Problem details:
An exact copy of the data is needed, one that excludes all pictures.

########

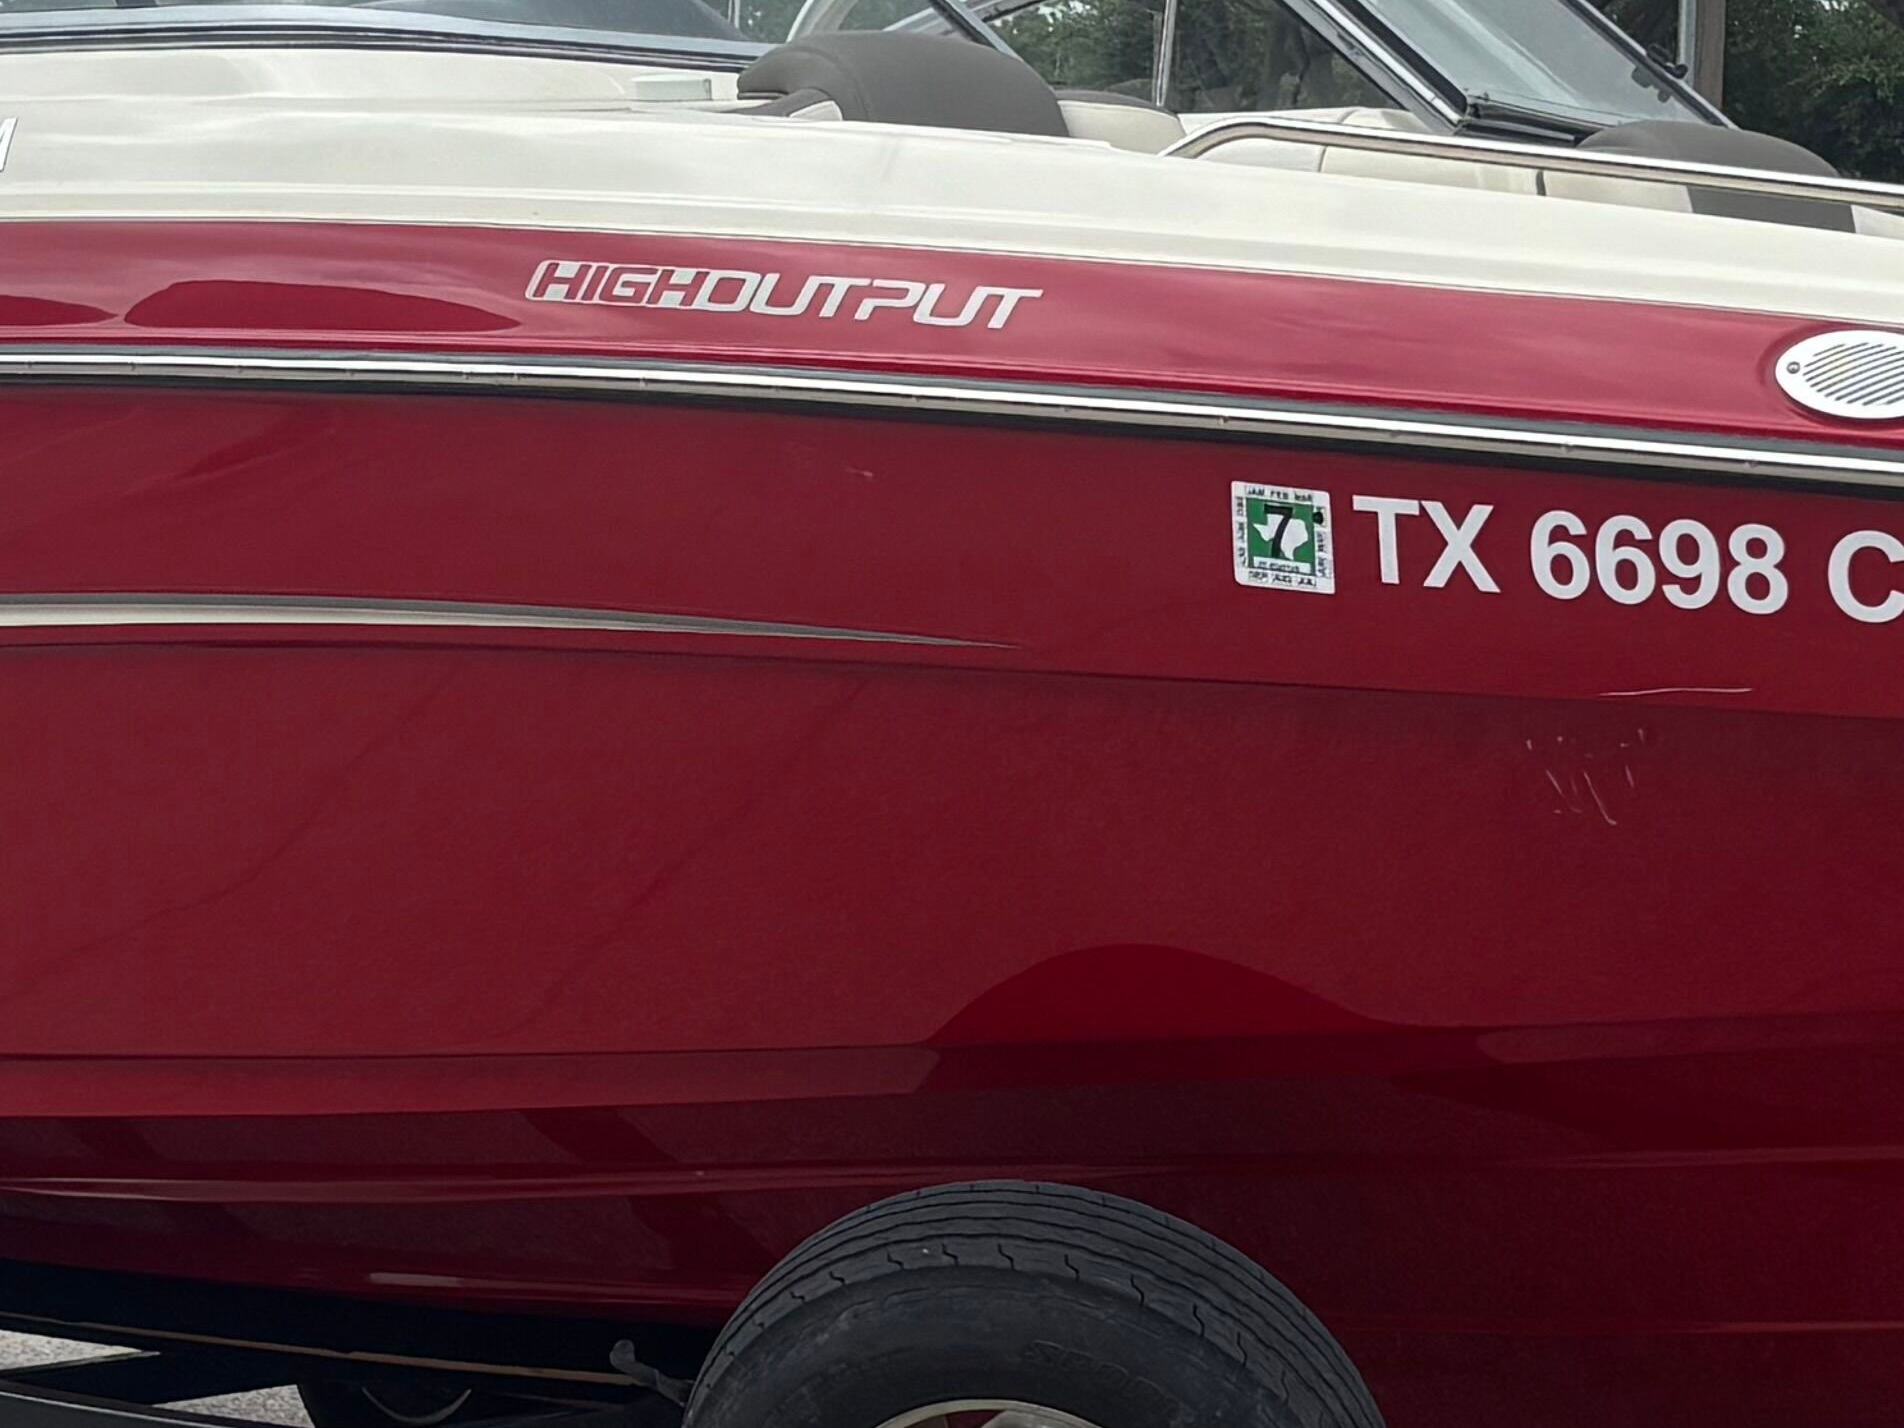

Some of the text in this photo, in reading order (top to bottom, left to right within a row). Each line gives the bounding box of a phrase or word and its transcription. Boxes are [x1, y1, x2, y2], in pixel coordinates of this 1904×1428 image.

[1263, 503, 1294, 559] 7
[1352, 494, 1501, 594] TX
[1530, 509, 1789, 616] 6698
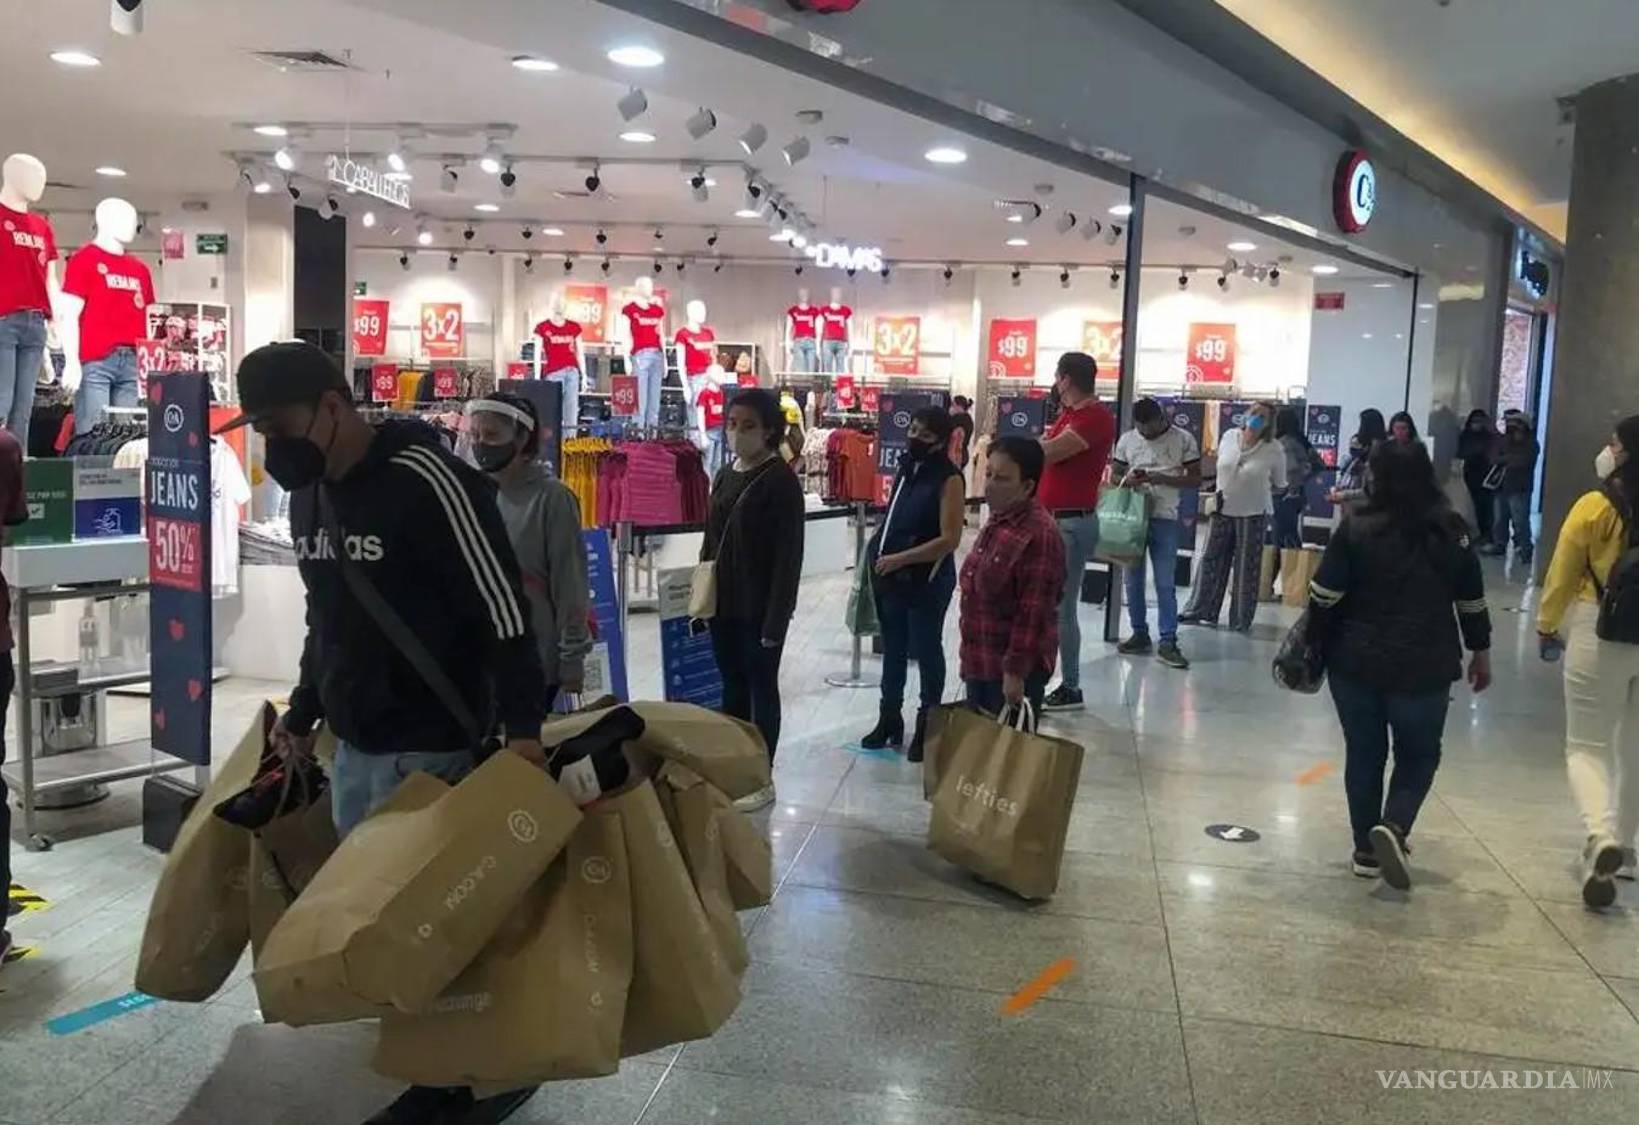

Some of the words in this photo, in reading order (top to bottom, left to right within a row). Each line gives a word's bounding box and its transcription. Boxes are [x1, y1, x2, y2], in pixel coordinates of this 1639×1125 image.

########

Task answer:
Some of the text in this photo, in reading order (top to bottom, left to right within a row). Each line gives the bounding box of a phrase or word and its transcription. Boxes are [x1, y1, x2, y2], in pixel coordinates of this 1904×1428 image.

[1263, 503, 1294, 559] 7
[1352, 494, 1501, 594] TX
[1530, 509, 1789, 616] 6698

Some of the words in this photo, in reading order (top to bottom, left to right within a row). Each line gives a word's bounding box and its transcription. Boxes are [x1, y1, x2, y2], in pixel coordinates of this 1639×1125 image.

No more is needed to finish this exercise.